■ GOAL OF THE EXERCISE: Would you transcribe the records below exactly, omitting every picture?

[Start of Attachment]

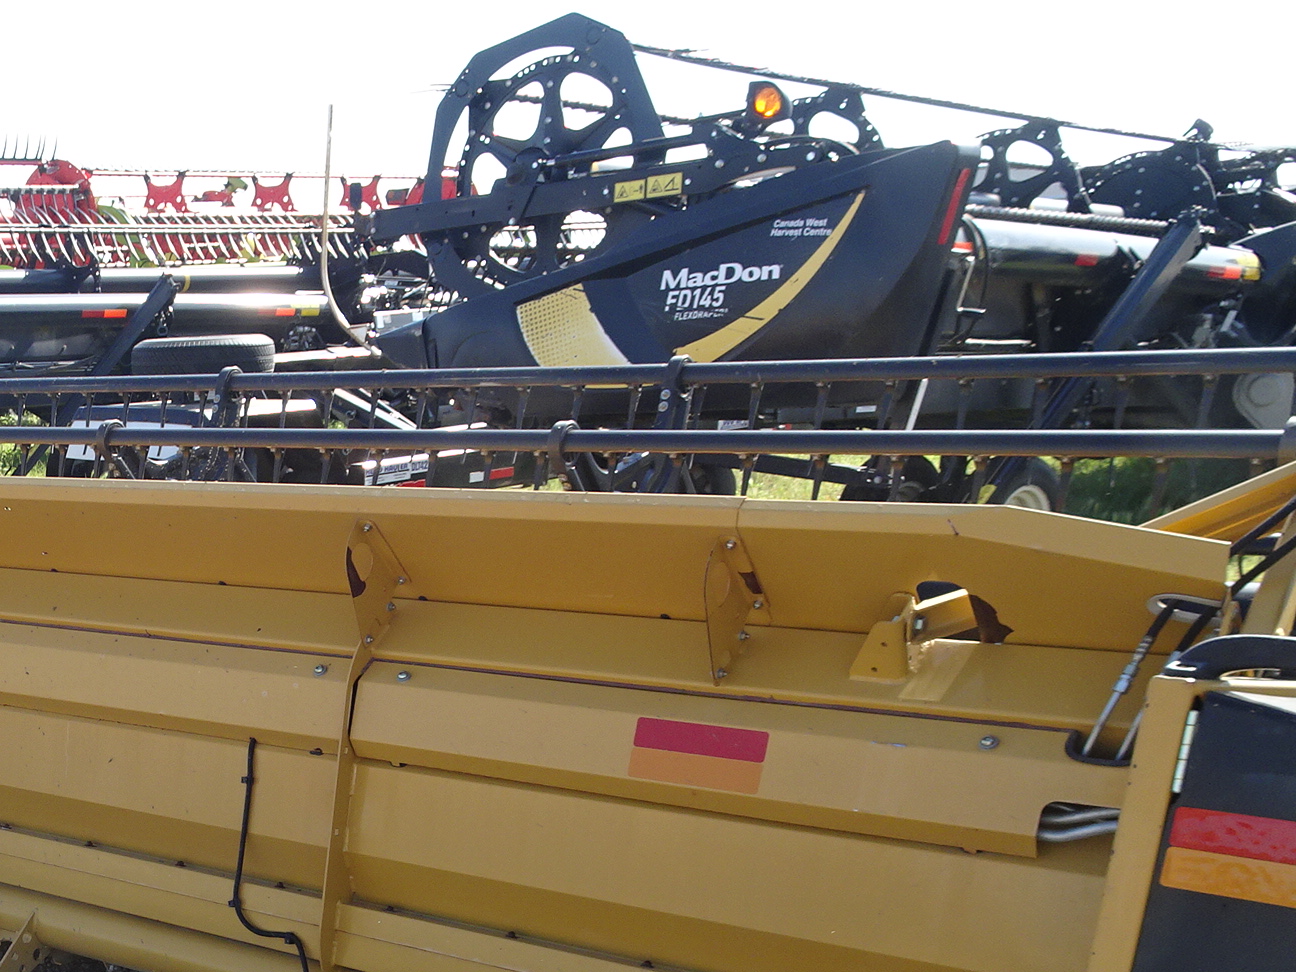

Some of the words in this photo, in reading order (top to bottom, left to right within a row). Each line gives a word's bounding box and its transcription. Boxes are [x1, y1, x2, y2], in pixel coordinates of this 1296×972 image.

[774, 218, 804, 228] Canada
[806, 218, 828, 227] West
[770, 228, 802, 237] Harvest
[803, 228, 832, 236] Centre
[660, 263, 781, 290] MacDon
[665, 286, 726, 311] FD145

[End of Attachment]

■ EXPECTED ANSWER:
Some of the words in this photo, in reading order (top to bottom, left to right within a row). Each line gives a word's bounding box and its transcription. Boxes are [x1, y1, x2, y2], in pixel coordinates of this 1296×972 image.

[774, 218, 804, 228] Canada
[806, 218, 828, 227] West
[770, 228, 802, 237] Harvest
[803, 228, 832, 236] Centre
[660, 263, 781, 290] MacDon
[665, 286, 726, 311] FD145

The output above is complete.